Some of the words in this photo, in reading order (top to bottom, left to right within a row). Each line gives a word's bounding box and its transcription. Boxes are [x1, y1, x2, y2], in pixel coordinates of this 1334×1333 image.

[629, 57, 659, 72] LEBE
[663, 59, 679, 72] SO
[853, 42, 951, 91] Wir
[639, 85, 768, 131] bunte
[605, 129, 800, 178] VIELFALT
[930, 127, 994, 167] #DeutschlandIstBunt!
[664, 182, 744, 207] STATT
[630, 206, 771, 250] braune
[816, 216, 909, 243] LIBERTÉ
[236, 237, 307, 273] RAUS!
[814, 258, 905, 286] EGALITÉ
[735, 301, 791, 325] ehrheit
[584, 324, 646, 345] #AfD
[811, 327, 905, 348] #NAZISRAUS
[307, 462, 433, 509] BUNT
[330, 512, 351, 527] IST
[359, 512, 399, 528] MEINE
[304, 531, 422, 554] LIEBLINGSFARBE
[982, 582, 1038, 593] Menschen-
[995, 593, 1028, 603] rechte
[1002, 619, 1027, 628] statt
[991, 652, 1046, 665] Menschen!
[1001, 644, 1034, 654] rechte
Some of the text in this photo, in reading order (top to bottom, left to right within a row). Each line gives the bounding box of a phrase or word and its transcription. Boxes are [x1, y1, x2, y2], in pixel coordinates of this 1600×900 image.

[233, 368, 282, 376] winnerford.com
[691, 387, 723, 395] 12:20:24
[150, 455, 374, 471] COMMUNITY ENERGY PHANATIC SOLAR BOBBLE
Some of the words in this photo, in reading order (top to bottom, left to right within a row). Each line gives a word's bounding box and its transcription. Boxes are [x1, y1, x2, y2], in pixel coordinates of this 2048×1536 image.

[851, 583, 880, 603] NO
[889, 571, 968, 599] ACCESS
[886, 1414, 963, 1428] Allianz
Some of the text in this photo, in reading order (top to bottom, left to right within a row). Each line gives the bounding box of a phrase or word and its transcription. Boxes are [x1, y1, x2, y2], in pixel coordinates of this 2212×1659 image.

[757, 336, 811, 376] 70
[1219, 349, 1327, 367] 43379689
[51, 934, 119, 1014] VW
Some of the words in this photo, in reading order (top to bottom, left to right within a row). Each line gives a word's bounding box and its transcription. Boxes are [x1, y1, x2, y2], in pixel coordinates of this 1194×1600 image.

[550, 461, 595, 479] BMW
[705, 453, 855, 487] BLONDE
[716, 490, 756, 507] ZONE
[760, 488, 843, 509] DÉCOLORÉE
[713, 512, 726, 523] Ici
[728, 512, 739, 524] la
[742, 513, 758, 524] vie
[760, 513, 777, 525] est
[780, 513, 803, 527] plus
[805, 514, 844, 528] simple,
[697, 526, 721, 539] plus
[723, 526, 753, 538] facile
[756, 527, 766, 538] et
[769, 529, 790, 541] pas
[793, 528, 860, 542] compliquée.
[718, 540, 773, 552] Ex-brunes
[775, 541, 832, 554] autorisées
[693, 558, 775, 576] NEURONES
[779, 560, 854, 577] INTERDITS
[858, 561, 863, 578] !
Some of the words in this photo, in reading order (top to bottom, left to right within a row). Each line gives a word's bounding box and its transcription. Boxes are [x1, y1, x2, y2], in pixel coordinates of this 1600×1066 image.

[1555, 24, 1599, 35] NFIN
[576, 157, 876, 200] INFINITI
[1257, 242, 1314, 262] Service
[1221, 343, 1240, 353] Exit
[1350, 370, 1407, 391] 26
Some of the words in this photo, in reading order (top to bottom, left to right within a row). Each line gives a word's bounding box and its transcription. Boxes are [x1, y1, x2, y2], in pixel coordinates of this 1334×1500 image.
——
THE TASK ▸
Give the listing above again in full, exactly as written.

ANSWER SECTION ▸
Some of the words in this photo, in reading order (top to bottom, left to right within a row). Each line gives a word's bounding box and its transcription. Boxes are [x1, y1, x2, y2], in pixel coordinates of this 1334×1333 image.

[629, 57, 659, 72] LEBE
[663, 59, 679, 72] SO
[853, 42, 951, 91] Wir
[639, 85, 768, 131] bunte
[605, 129, 800, 178] VIELFALT
[930, 127, 994, 167] #DeutschlandIstBunt!
[664, 182, 744, 207] STATT
[630, 206, 771, 250] braune
[816, 216, 909, 243] LIBERTÉ
[236, 237, 307, 273] RAUS!
[814, 258, 905, 286] EGALITÉ
[735, 301, 791, 325] ehrheit
[584, 324, 646, 345] #AfD
[811, 327, 905, 348] #NAZISRAUS
[307, 462, 433, 509] BUNT
[330, 512, 351, 527] IST
[359, 512, 399, 528] MEINE
[304, 531, 422, 554] LIEBLINGSFARBE
[982, 582, 1038, 593] Menschen-
[995, 593, 1028, 603] rechte
[1002, 619, 1027, 628] statt
[991, 652, 1046, 665] Menschen!
[1001, 644, 1034, 654] rechte
Some of the text in this photo, in reading order (top to bottom, left to right within a row). Each line gives the bounding box of a phrase or word and its transcription. Boxes are [x1, y1, x2, y2], in pixel coordinates of this 1600×900 image.

[233, 368, 282, 376] winnerford.com
[691, 387, 723, 395] 12:20:24
[150, 455, 374, 471] COMMUNITY ENERGY PHANATIC SOLAR BOBBLE
Some of the words in this photo, in reading order (top to bottom, left to right within a row). Each line gives a word's bounding box and its transcription. Boxes are [x1, y1, x2, y2], in pixel coordinates of this 2048×1536 image.

[851, 583, 880, 603] NO
[889, 571, 968, 599] ACCESS
[886, 1414, 963, 1428] Allianz
Some of the text in this photo, in reading order (top to bottom, left to right within a row). Each line gives the bounding box of a phrase or word and its transcription. Boxes are [x1, y1, x2, y2], in pixel coordinates of this 2212×1659 image.

[757, 336, 811, 376] 70
[1219, 349, 1327, 367] 43379689
[51, 934, 119, 1014] VW
Some of the words in this photo, in reading order (top to bottom, left to right within a row). Each line gives a word's bounding box and its transcription. Boxes are [x1, y1, x2, y2], in pixel coordinates of this 1194×1600 image.

[550, 461, 595, 479] BMW
[705, 453, 855, 487] BLONDE
[716, 490, 756, 507] ZONE
[760, 488, 843, 509] DÉCOLORÉE
[713, 512, 726, 523] Ici
[728, 512, 739, 524] la
[742, 513, 758, 524] vie
[760, 513, 777, 525] est
[780, 513, 803, 527] plus
[805, 514, 844, 528] simple,
[697, 526, 721, 539] plus
[723, 526, 753, 538] facile
[756, 527, 766, 538] et
[769, 529, 790, 541] pas
[793, 528, 860, 542] compliquée.
[718, 540, 773, 552] Ex-brunes
[775, 541, 832, 554] autorisées
[693, 558, 775, 576] NEURONES
[779, 560, 854, 577] INTERDITS
[858, 561, 863, 578] !
Some of the words in this photo, in reading order (top to bottom, left to right within a row). Each line gives a word's bounding box and its transcription. Boxes are [x1, y1, x2, y2], in pixel coordinates of this 1600×1066 image.

[1555, 24, 1599, 35] NFIN
[576, 157, 876, 200] INFINITI
[1257, 242, 1314, 262] Service
[1221, 343, 1240, 353] Exit
[1350, 370, 1407, 391] 26
Some of the words in this photo, in reading order (top to bottom, left to right within a row). Each line gives a word's bounding box and its transcription. Boxes are [x1, y1, x2, y2], in pixel coordinates of this 1334×1500 image.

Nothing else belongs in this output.